In our 2019 comment letter, we urged the Agency to seek inspiration for a redesign from the 1990 Civil Justice Reform Act (CJRA). The CJRA was a demonstration project authored by then-Senator Joe Biden when he chaired the Senate Judiciary Committee and was known colloquially within the legal community as the “Biden Bill.” It was intended to test interventions to reduce litigation cost and delays in federal district courts. The CJRA mandated six particular interventions in ten pilot districts, authorized “freestyle” demonstrations in five other districts, and required judges and stakeholder advisory committees in the remaining districts to develop their own improvement plans, which in turn yielded many other interventions.
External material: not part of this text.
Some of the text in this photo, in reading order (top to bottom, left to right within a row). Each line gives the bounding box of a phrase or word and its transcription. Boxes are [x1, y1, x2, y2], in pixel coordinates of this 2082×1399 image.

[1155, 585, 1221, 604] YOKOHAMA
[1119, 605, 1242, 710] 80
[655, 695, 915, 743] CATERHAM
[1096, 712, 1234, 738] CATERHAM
We believe the Biden approach to demonstrations is superior to the Trump-Azar approach for several reasons. To begin with, prior to introducing the CJRA, Sen. Biden surveyed practitioners and convened a series of symposia at the Brookings Institution to develop a consensus on interventions to be tested. Sen. Biden stated that the principle behind the CJRA was that “reform must come from the bottom up.” In this way it presaged CMMI’s Health Care Innovation Awards, which invited suggestions for reforms from practitioners and tested the most promising. (Much like the Innovation Center statute, the CJRA also required evaluations and permitted the expansion to all districts of successful interventions.) But the principal virtues of the Biden Bill were its testing of multiple interventions and its agnosticism about what, ultimately, would work. The CJRA is considered a success because it identified fruitful techniques that are widely used today.

Another key tenet of the Biden approach was engaging those who use the system. In this case, it is patients. We are concerned that the design of the ETC inadequately considered barriers to home dialysis and transplant as experienced by the patient. A redesign of the demonstration needs to chart the “golden path” to these outcomes for the patients who desire them, and find ways to break down each barrier blocking the path. Needless to say, these pathways do not begin and end with nephrologists and dialysis clinics.
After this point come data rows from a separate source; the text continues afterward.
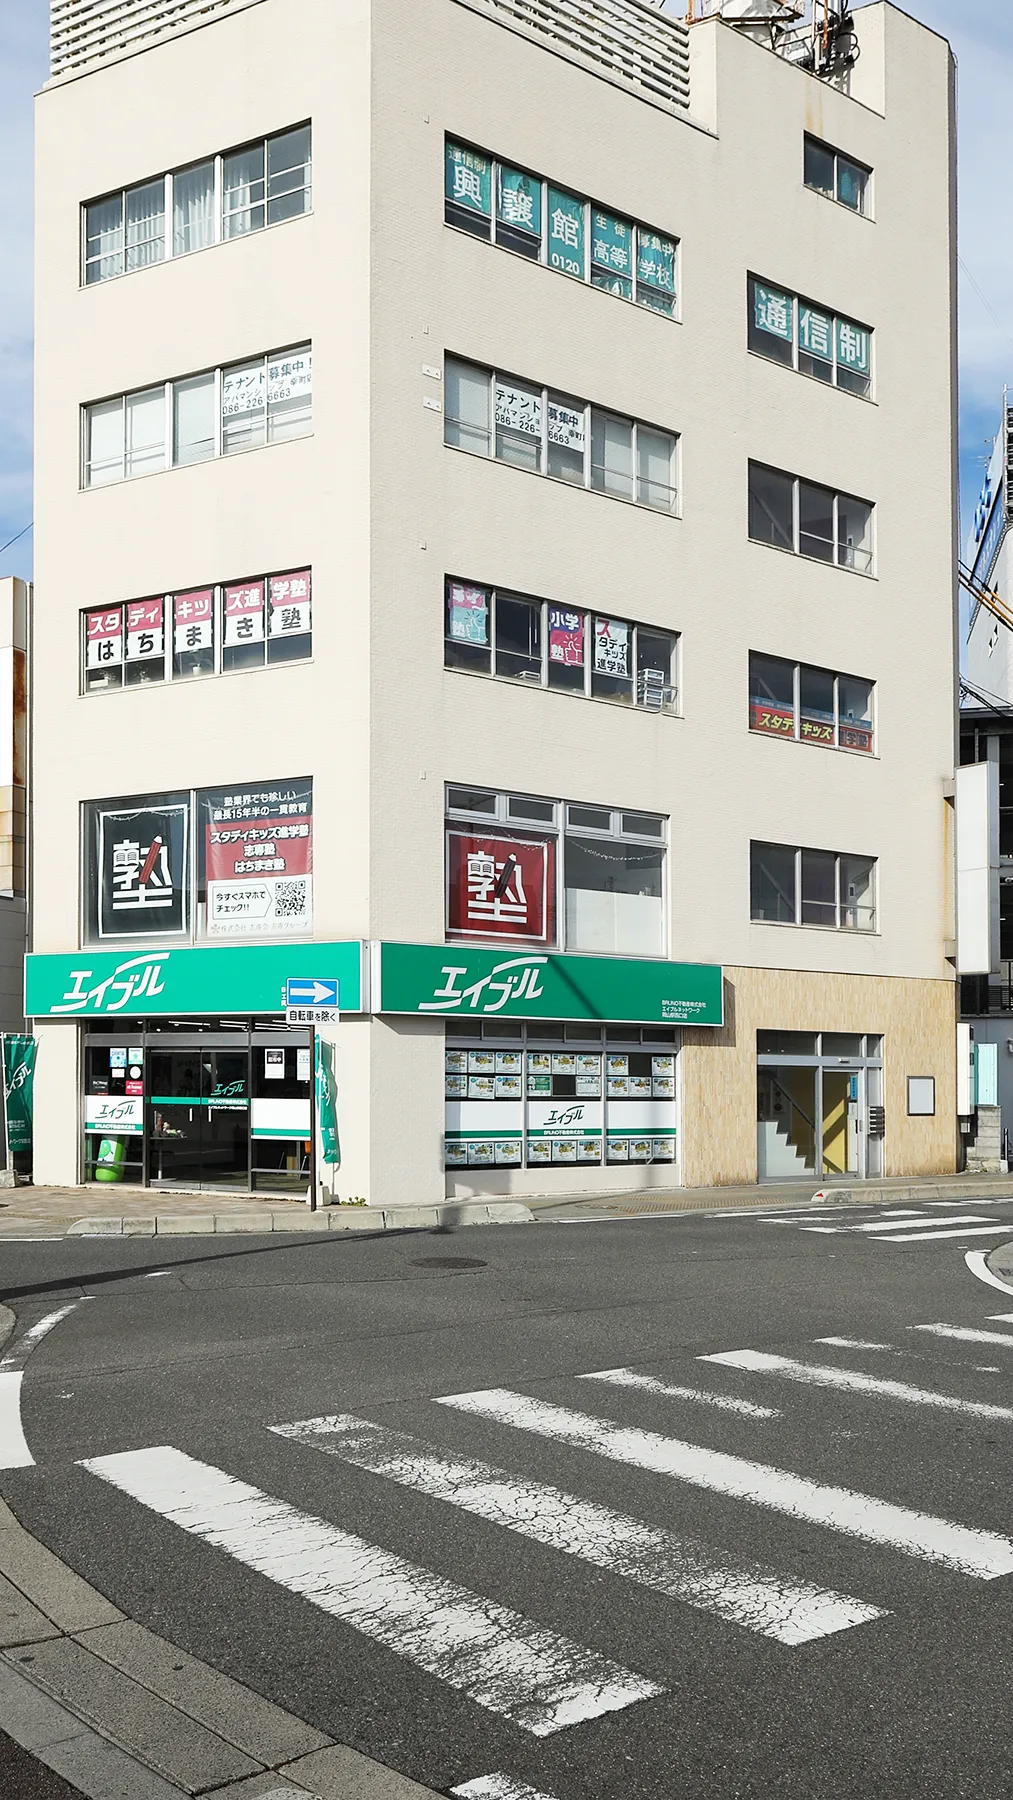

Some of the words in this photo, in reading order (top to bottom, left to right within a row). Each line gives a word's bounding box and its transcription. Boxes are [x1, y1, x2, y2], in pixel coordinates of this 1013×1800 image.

[552, 252, 580, 275] 0120
[758, 289, 867, 370] 通信制
[551, 610, 580, 631] 小学
[551, 643, 565, 661] 塾
[224, 791, 297, 807] 塾業界でも珍しい
[210, 824, 309, 844] スタディキッズ進学塾
[234, 858, 286, 873] はちまき塾
[51, 952, 170, 1013] エイブル
[418, 956, 549, 1012] エイブル
[289, 1010, 336, 1022] 自転車を除く
[94, 1100, 136, 1119] エイブル
[543, 1104, 585, 1125] エイブル
We urge the Agency to post a Request for Information seeking insights from stakeholders and experts, and use the HCIA’s “broad funnel” approach to solicit ideas for a plethora of demonstrations.  Only a miniscule amount of the Innovation Center’s endowment has funded care for kidney patients—a single HCIA site—despite the potential return on investment for kidney care far exceeding that of any other disease. We hope the Agency will consider three promising ideas in particular:

  • The One Percent Steps For Health Care Reform project has proposed removing all financial disincentives to living kidney donation, which it says will shave a half a percent of Medicare spending: https://onepercentsteps.com/policy-briefs/removing-all-financial-disincentives-to-living-kidney-donation/
  • The Center for Medicare Advocacy and Justice in Aging have presented CMS leadership with a legal brief supporting payment for necessary dental care for transplant candidates under the current statute. We agree that this should be eligible for coverage under existing law but urge CMMI to develop a demonstration project on a parallel track.
  • There is broad agreement among kidney stakeholders on a demonstration project funding staff-assisted home dialysis.

Thank you for your consideration of our views. We look forward to working with you toward our shared goal of improving the Medicare program.